» WORK TO BE COMPLETED: Once the images are set aside, return every entry exactly.

» Free-text object descriptions:
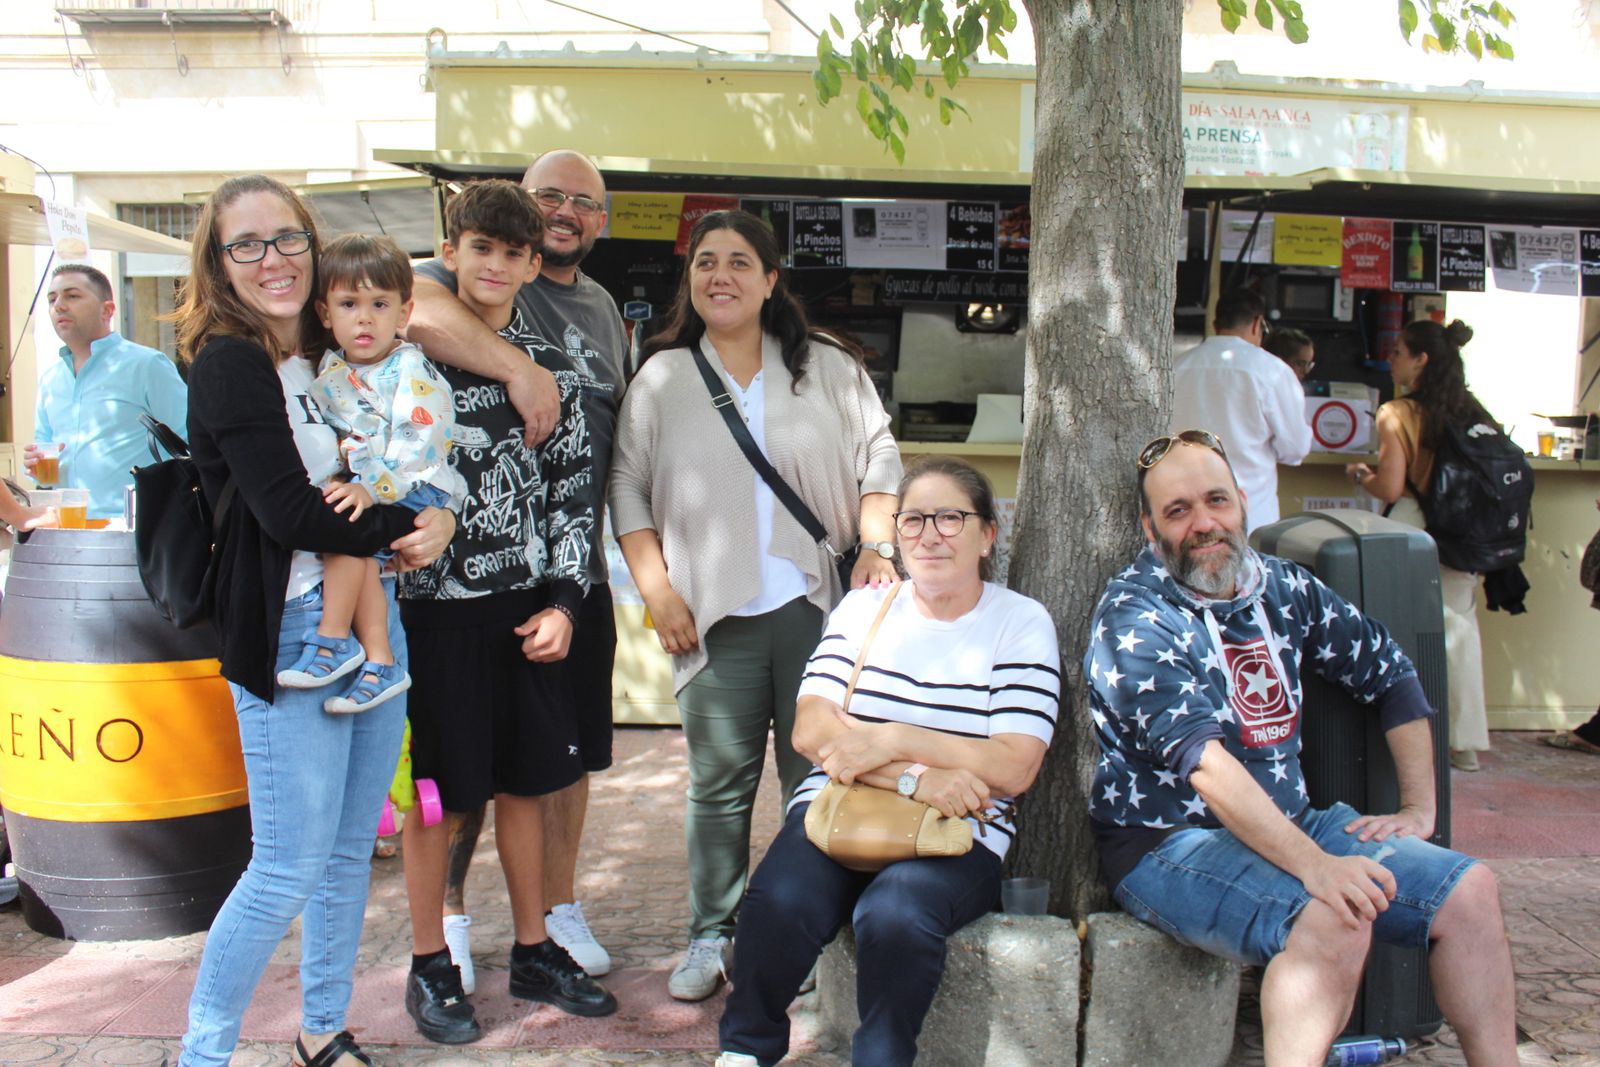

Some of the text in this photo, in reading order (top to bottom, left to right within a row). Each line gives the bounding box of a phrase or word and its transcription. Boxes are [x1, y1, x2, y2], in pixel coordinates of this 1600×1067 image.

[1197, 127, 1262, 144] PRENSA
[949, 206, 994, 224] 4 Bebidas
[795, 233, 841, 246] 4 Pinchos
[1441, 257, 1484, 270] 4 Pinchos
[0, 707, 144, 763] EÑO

» EXERCISE RESULT:
Some of the text in this photo, in reading order (top to bottom, left to right within a row). Each line gives the bounding box of a phrase or word and its transcription. Boxes are [x1, y1, x2, y2], in pixel coordinates of this 1600×1067 image.

[1197, 127, 1262, 144] PRENSA
[949, 206, 994, 224] 4 Bebidas
[795, 233, 841, 246] 4 Pinchos
[1441, 257, 1484, 270] 4 Pinchos
[0, 707, 144, 763] EÑO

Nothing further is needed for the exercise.